The virus you get in Bangladesh is quite distinct from the version you’ll find in China, or the Middle East. The Bangladeshi virus is a novel reassortant (with avian H7N3) that has acquired some mammalian adaptations along the way, making this strain of particular interest to study.

All of which serves as prelude to a new study appearing in Nature's Emerging Microbes and Infections  - with a pedigree that includes Robert G. Webster and Richard J. Webby that looks at the evolution, and replication of Bangladeshi H9N2  in human bronchoepithelial cells, swine lung & tracheal explants, Balb/c mice, and ferrets. 

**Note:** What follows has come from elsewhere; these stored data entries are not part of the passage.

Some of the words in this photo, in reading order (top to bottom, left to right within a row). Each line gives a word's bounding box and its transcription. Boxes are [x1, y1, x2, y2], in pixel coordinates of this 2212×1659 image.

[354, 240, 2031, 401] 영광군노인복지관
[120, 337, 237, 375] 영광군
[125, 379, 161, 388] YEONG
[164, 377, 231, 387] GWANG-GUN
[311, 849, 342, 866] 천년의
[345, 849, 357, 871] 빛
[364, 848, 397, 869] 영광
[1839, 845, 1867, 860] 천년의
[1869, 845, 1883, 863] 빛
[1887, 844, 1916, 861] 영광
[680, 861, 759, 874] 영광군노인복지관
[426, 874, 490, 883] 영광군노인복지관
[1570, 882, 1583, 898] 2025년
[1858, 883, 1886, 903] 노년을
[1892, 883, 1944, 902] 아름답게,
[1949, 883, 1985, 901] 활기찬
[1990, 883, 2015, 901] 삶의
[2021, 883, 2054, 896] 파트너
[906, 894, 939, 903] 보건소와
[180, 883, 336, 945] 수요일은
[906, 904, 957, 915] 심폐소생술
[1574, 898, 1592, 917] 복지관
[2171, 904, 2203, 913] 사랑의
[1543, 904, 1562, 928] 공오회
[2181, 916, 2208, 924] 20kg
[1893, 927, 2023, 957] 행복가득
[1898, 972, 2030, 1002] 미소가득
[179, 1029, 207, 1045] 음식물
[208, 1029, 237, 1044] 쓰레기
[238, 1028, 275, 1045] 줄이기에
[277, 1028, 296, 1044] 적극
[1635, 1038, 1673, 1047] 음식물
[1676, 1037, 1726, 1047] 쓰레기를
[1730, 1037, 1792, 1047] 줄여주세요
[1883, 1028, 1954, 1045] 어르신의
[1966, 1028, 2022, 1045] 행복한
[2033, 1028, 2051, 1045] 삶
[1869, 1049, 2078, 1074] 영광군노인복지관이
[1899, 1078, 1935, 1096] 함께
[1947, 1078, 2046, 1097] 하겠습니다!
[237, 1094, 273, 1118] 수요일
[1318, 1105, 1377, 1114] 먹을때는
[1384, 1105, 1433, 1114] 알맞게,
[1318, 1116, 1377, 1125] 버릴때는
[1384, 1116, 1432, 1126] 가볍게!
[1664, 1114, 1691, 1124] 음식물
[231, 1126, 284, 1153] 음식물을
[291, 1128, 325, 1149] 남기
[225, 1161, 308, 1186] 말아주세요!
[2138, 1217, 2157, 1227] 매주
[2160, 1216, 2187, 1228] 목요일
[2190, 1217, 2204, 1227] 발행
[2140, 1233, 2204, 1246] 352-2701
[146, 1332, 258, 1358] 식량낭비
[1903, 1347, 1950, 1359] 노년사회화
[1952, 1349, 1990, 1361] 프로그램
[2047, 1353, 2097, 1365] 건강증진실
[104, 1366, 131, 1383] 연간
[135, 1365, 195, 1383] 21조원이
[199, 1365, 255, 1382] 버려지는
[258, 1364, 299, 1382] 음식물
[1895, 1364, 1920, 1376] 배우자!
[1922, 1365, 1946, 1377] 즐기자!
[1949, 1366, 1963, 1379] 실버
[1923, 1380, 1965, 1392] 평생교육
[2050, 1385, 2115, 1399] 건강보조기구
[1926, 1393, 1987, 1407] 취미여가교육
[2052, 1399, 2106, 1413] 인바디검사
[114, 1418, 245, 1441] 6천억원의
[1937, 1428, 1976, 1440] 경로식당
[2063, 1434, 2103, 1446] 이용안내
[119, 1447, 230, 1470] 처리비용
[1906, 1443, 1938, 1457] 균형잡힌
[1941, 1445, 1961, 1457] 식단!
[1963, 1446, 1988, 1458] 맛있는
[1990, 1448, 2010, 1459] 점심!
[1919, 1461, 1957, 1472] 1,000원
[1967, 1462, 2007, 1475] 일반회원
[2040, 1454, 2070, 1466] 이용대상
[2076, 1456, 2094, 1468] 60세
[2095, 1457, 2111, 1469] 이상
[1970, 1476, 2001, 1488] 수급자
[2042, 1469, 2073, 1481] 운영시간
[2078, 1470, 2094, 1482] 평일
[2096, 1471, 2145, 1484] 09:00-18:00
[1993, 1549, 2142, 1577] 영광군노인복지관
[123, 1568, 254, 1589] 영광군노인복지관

This study finds that these viruses have the potential to infect humans but currently lack transmission potential, limiting their threat to human health.  They do, however, continue to evolve and reassort with other viruses, making it vital that we continue to monitor them closely.


It is a long, detailed, open access study, so you'll want to follow the link to read it in its entirety.


The replication of Bangladeshi H9N2 avian influenza viruses carrying genes from H7N3 in mammals
Open
Karthik K Shanmuganatham1, Jeremy C Jones1, Bindumadhav M Marathe1, Mohammed M Feeroz2, Lisa Jones-Engel3, David Walker1, Jasmine Turner1, S M Rabiul Alam2, M Kamrul Hasan2, Sharmin Akhtar2, Patrick Seiler1, Pamela McKenzie1, Scott Krauss1, Richard J Webby1 and Robert G Webster1
  1. 1Department of Infectious Diseases, St Jude Children's Research Hospital, Memphis, TN 38105, USA
  2. 2Department of Zoology, Jahangirnagar University, Dhaka 1342, Bangladesh
  3. 3National Primate Research Center University of Washington, Seattle, WA 98195-5502, USA
Correspondence: RG Webster, E-mail: robert.webster@stjude.org
Received 3 November 2015; Revised 29 December 2015; Accepted 6 January 2016
 

ABSTRACT

H9N2 avian influenza viruses are continuously monitored by the World Health Organization because they are endemic; they continually reassort with H5N1, H7N9 and H10N8 viruses; and they periodically cause human infections. 

We characterized H9N2 influenza viruses carrying internal genes from highly pathogenic H7N3 viruses, which were isolated from chickens or quail from live-bird markets in Bangladesh between 2010 and 2013. All of the H9N2 viruses used in this study carried mammalian host-specific mutations. 

We studied their replication kinetics in normal human bronchoepithelial cells and swine tracheal and lung explants, which exhibit many features of the mammalian airway epithelium and serve as a mammalian host model.
All H9N2 viruses replicated to moderate-to-high titers in the normal human bronchoepithelial cells and swine lung explants, but replication was limited in the swine tracheal explants. In Balb/c mice, the H9N2 viruses were nonlethal, replicated to moderately high titers and the infection was confined to the lungs.
In the ferret model of human influenza infection and transmission, H9N2 viruses possessing the Q226L substitution in hemagglutinin replicated well without clinical signs and spread via direct contact but not by aerosol. 

None of the H9N2 viruses tested were resistant to the neuraminidase inhibitors. Our study shows that the Bangladeshi H9N2 viruses have the potential to infect humans and highlights the importance of monitoring and characterizing this influenza subtype to better understand the potential risk these viruses pose to humans.